# Chain Saw



## dixiejacket (Apr 19, 2011)

Tired of the old cheap Poulan.  Harder to crank and keep cranked than it is to use.  So, I am buying a new saw.  Will be a Stihl, Echo or Husqvarna.  Any recommendations?


----------



## BamaBart (Apr 19, 2011)

Stihl and use their 2 cycle oil. You'll be happy.


----------



## Unicoidawg (Apr 19, 2011)

Husky or Stihl....... both are great saws, either will do ya proud.


----------



## ben300win (Apr 19, 2011)

Another vote for Stihl. I have a 036 pro that I have had for like 15 years now. Great saw and power to weight ratio.


----------



## sinclair1 (Apr 19, 2011)

Echo weedeaters and stihl chain saws for me


----------



## FX Jenkins (Apr 20, 2011)

Get one of these and it will still crank long after you won't....and will handle just about anything from occasional use to heavy duty firewood gathering, year after year..
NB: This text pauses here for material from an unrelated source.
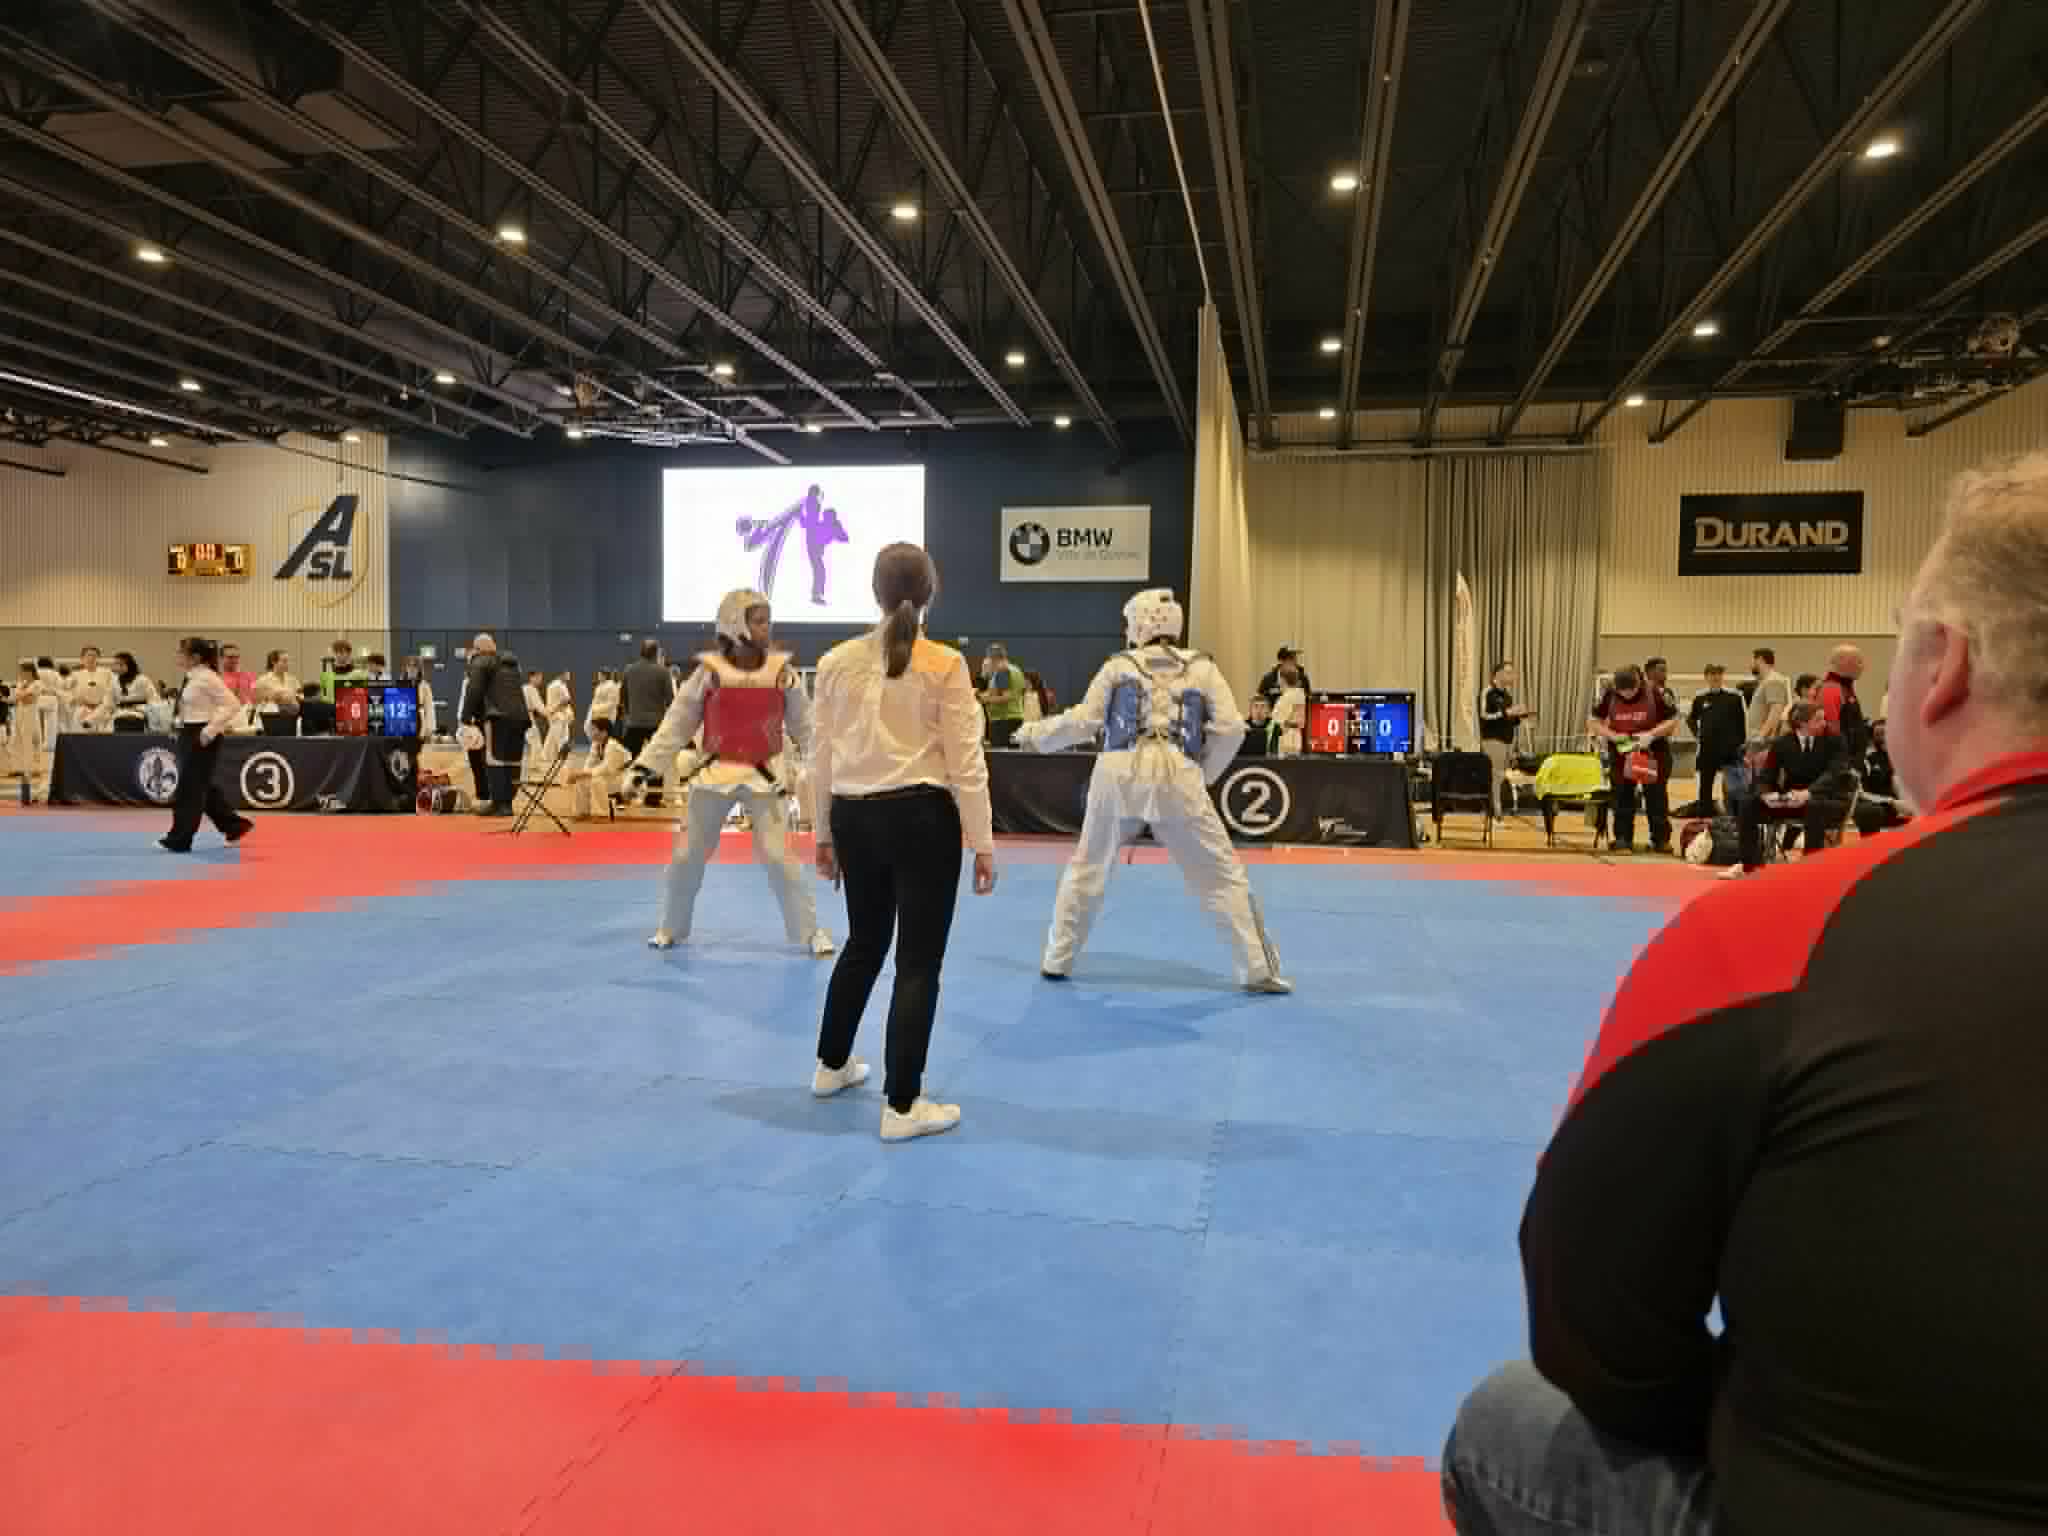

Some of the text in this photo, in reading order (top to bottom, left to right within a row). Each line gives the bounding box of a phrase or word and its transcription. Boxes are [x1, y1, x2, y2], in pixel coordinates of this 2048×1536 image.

[1057, 527, 1113, 548] BMW
[1694, 515, 1849, 547] DURAND
[255, 762, 281, 801] 3
[1241, 780, 1271, 823] 2
http://www.stihlusa.com/chainsaws/MS290.html


----------



## Miguel Cervantes (Apr 20, 2011)

Took my stihl to the mountains to help a buddy cut up some trees knocked down by last weeks storm. It's a 20 year old saw, I haven't cranked it or even touched it in over a year. I opened up the case, topped off the oil and gas, hit the chain a few licks with a file and on the second pull she was off and running like a charm, like it always has. You just can't beat a Stihl, period.


----------



## brokenskeg (Apr 20, 2011)

Husquavarna Rancher 455 .


----------



## nkbigdog (Apr 20, 2011)

Unicoidawg said:


> Husky or Stihl....... both are great saws, either will do ya proud.
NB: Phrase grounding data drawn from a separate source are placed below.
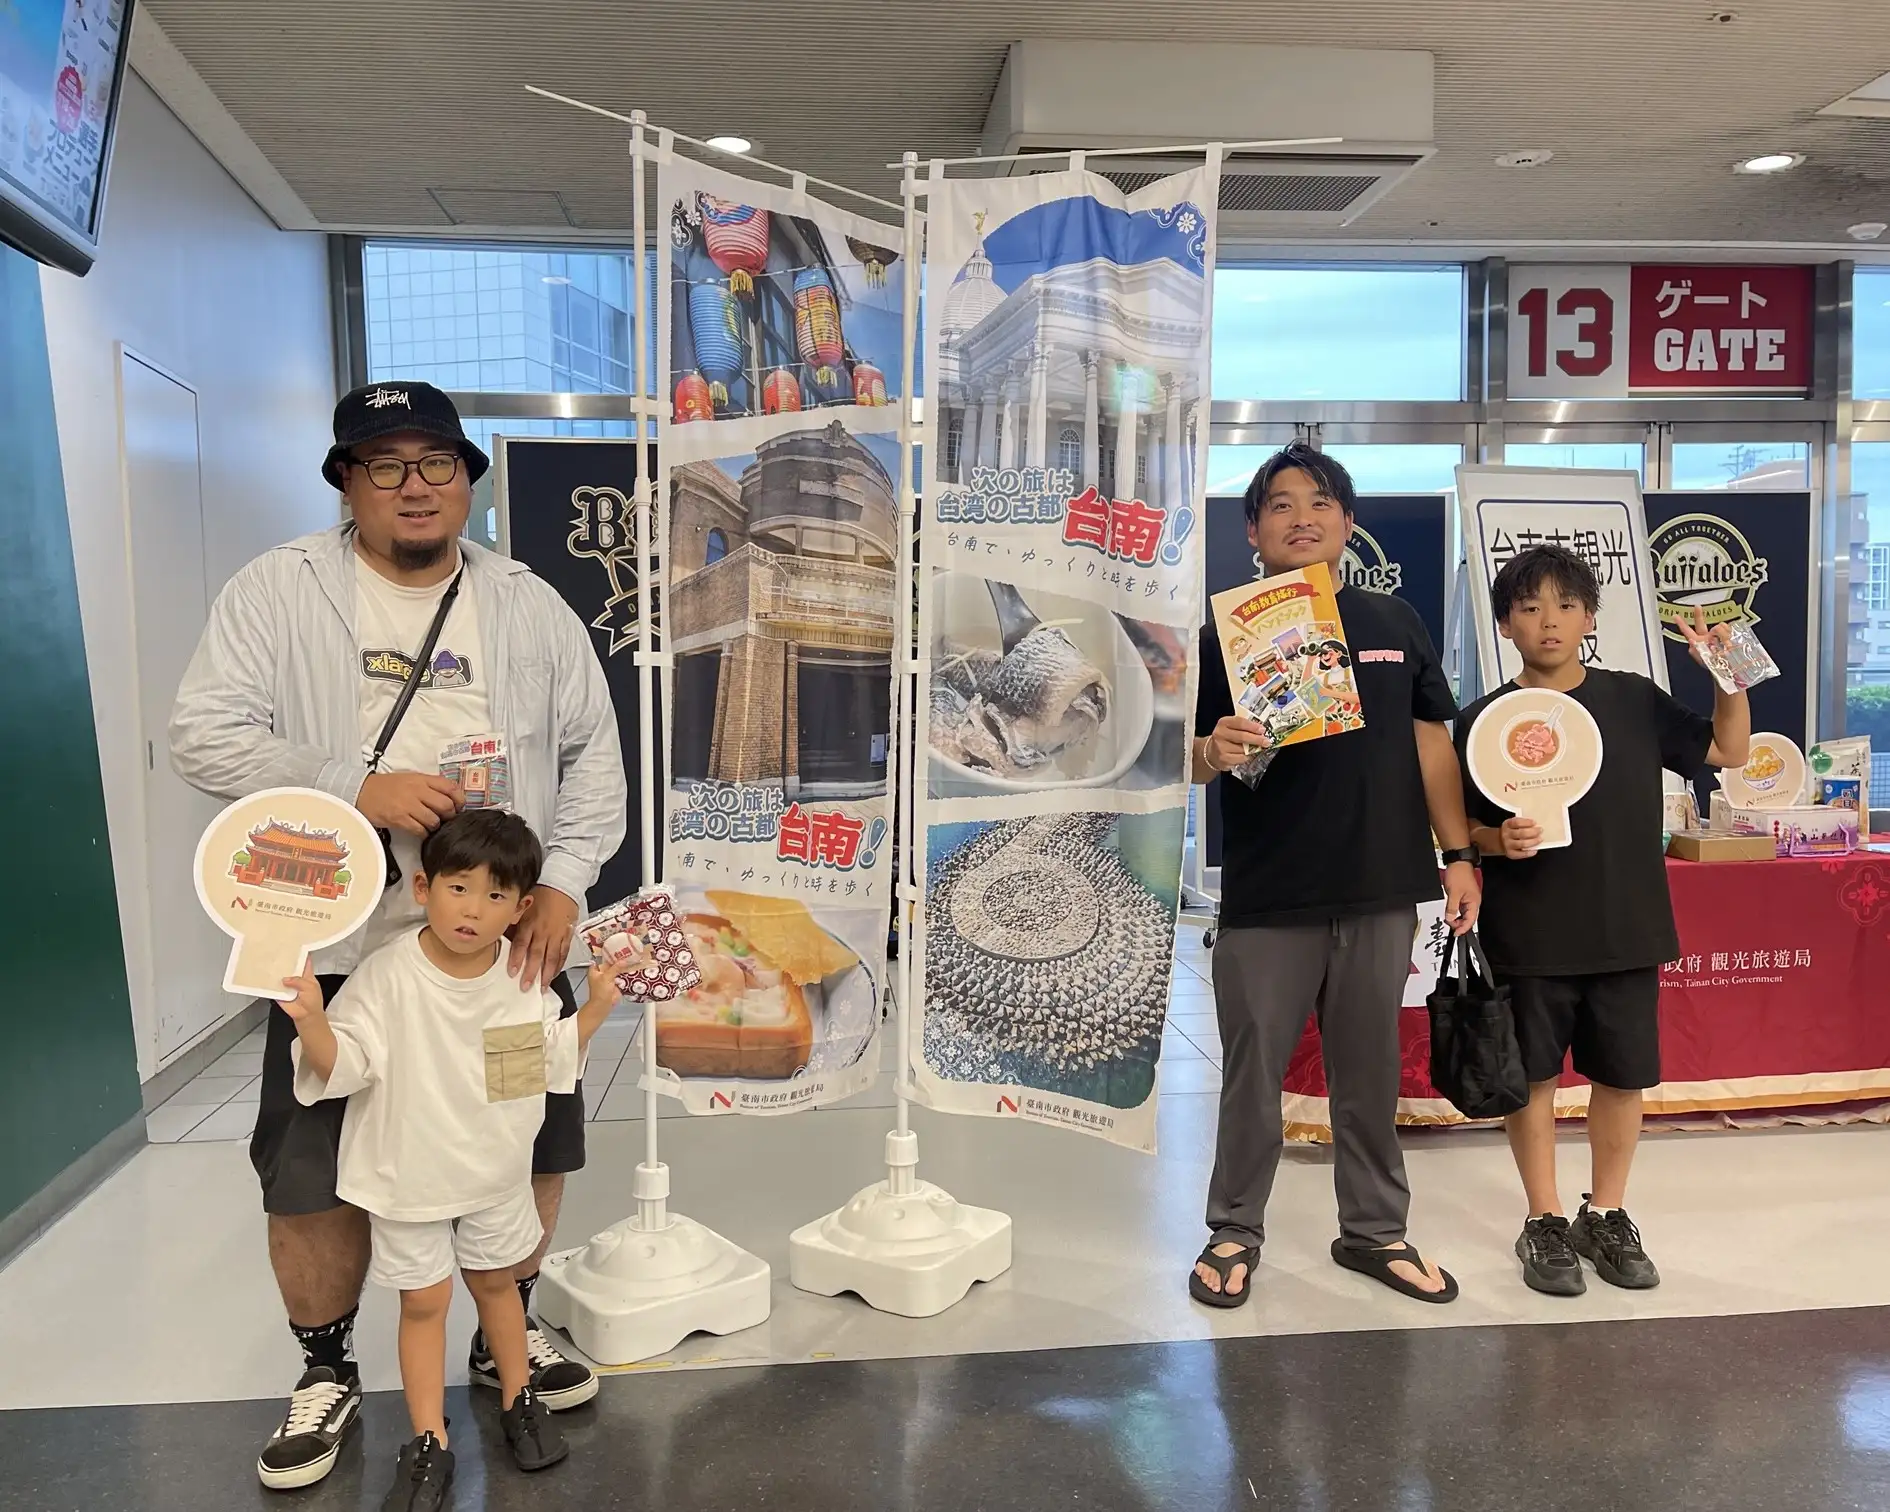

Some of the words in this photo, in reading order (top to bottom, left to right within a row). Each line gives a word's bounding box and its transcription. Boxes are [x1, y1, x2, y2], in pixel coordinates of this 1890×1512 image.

[1654, 280, 1767, 319] ゲート
[1518, 288, 1614, 377] 13
[1654, 329, 1785, 371] GATE
[971, 466, 1075, 494] 次の旅は
[936, 491, 1064, 524] 台湾の古都
[1675, 527, 1689, 537] ALL
[1691, 525, 1730, 544] TOGETHER
[1491, 528, 1631, 585] 台観光
[1684, 606, 1733, 619] BUALOES
[689, 783, 784, 813] 次の旅は
[681, 852, 873, 897] 南で、ゆっくりと時を歩く
[1711, 949, 1812, 972] 觀光旅遊局
[1659, 980, 1683, 988] rism,
[1684, 979, 1710, 987] Tainan
[1712, 976, 1730, 988] City
[1731, 975, 1783, 984] Government
X2 on both I have the Husky 359 with a 24 inch bar and never met a tree it did not eat for lunch.


----------



## DBM78 (Apr 20, 2011)

I have a Stihl chainsaw now but next one with be an echo. Echo now offers a 5 year warranty on all of their products chainsaw, trimmer, hedgetrimmer, blowers. Its 5 years across the board.

This thread got me thinking about my old chainsaw in the garage. Its a 16" Stihl 011 avt haven't touched it in 5 years. I opened the case add some gas/oil mix it started about the 4th or 5th pull. I made my mind up to show it a little TLC with a tune up.


----------



## Mauser (Apr 20, 2011)

I'm a husky man,got a 385xp,395xp,and 25 year old 2100 my grandad had when he logged.I have had no problems.


----------



## deadend (Apr 20, 2011)

rebel yell 1984 said:


> I'm a husky man,got a 385xp,395xp,and 25 year old 2100 my grandad had when he logged.I have had no problems.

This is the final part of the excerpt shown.